Cambodia: Cartoon drawing from 1994 of the Khmer Rouge leadership including Pol Pot, Ieng Sary, Khieu Samphan, Ta Mok and Son Sen.

Cartoon from a Khmer newspaper: The surviving Communist Part of Kampuchea leadership in 1994, including (clockwise from left) Pol Pot, Ieng Sary, Khieu Samphan, Ta Mok and Son Sen. External threats included a Neanderthal 'Yuon' (Vietnamese) soldier with an RPG-7 and a rather insipid Thai soldier readily identifiable as General Chavalit Yongchaiyudh.

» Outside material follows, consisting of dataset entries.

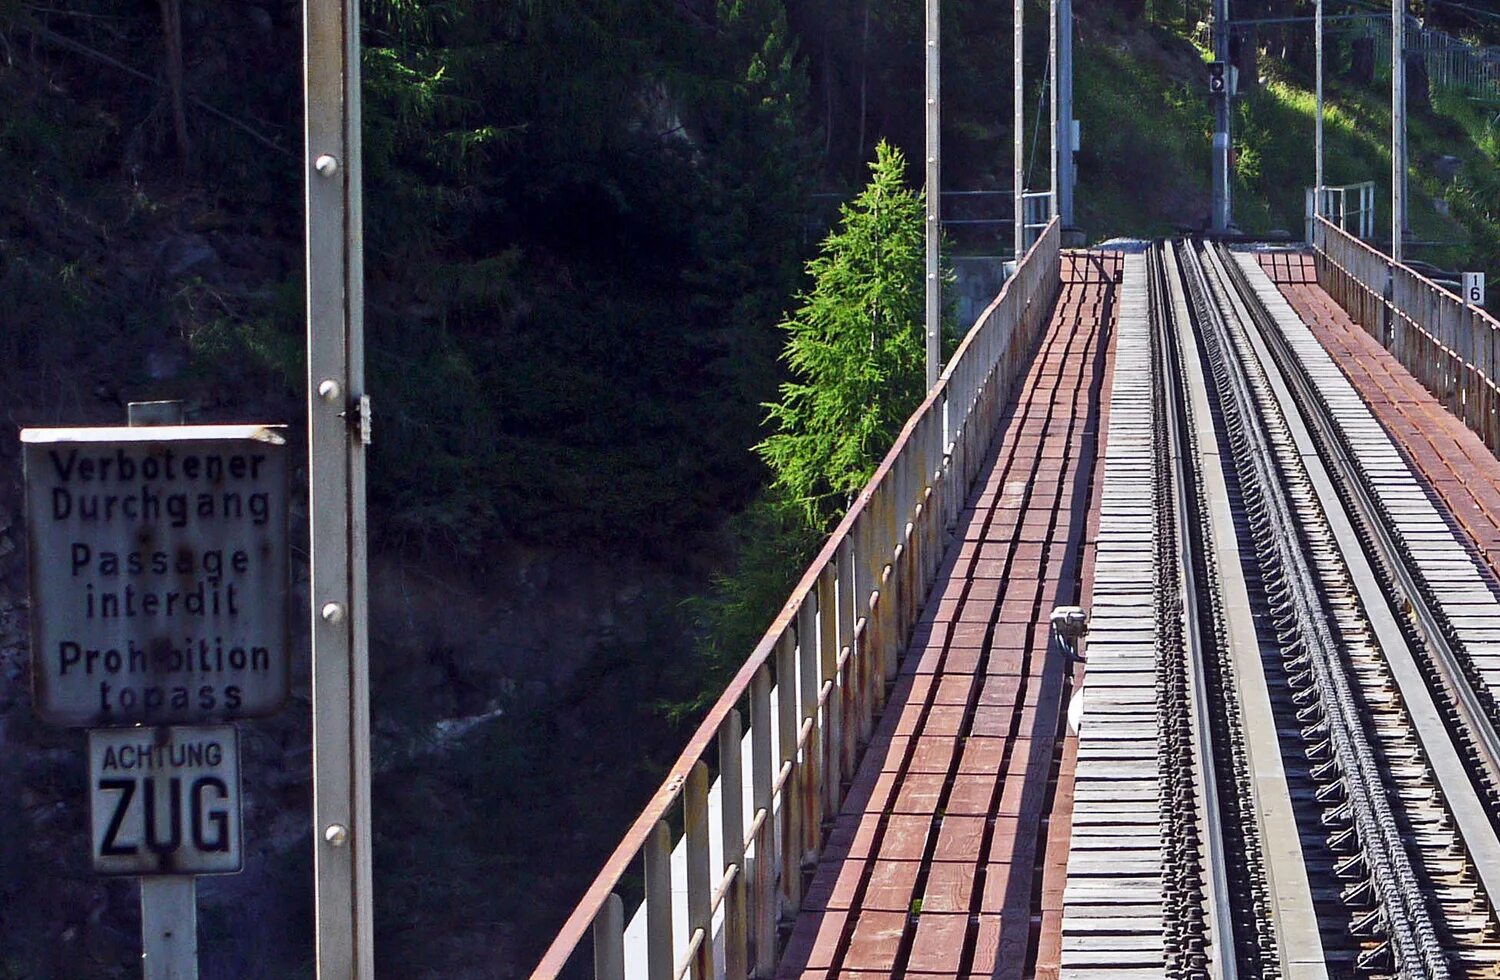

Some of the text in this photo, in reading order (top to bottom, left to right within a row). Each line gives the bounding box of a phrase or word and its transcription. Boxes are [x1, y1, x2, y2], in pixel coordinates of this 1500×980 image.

[1470, 286, 1480, 301] 6
[51, 450, 265, 482] Verbotener
[53, 486, 269, 527] Durchgang
[72, 543, 249, 583] Passage
[87, 583, 238, 618] interdit
[60, 638, 270, 675] Prohbition
[102, 743, 223, 770] ACHTUNG
[99, 777, 229, 855] ZUG

The Khmer Rouge, or Communist Party of Kampuchea, ruled Cambodia from 1975 to 1979, led by Pol Pot, Nuon Chea, Ieng Sary, Son Sen and Khieu Samphan. It is remembered primarily for its brutality and policy of social engineering which resulted in millions of deaths. Its attempts at agricultural reform led to widespread famine, while its insistence on absolute self-sufficiency, even in the supply of medicine, led to the deaths of thousands from treatable diseases (such as malaria). Brutal and arbitrary executions and torture carried out by its cadres against perceived subversive elements, or during purges of its own ranks between 1976 and 1978, are considered to have constituted a genocide. Several former Khmer Rouge cadres are currently on trial for war crimes in Phnom Penh.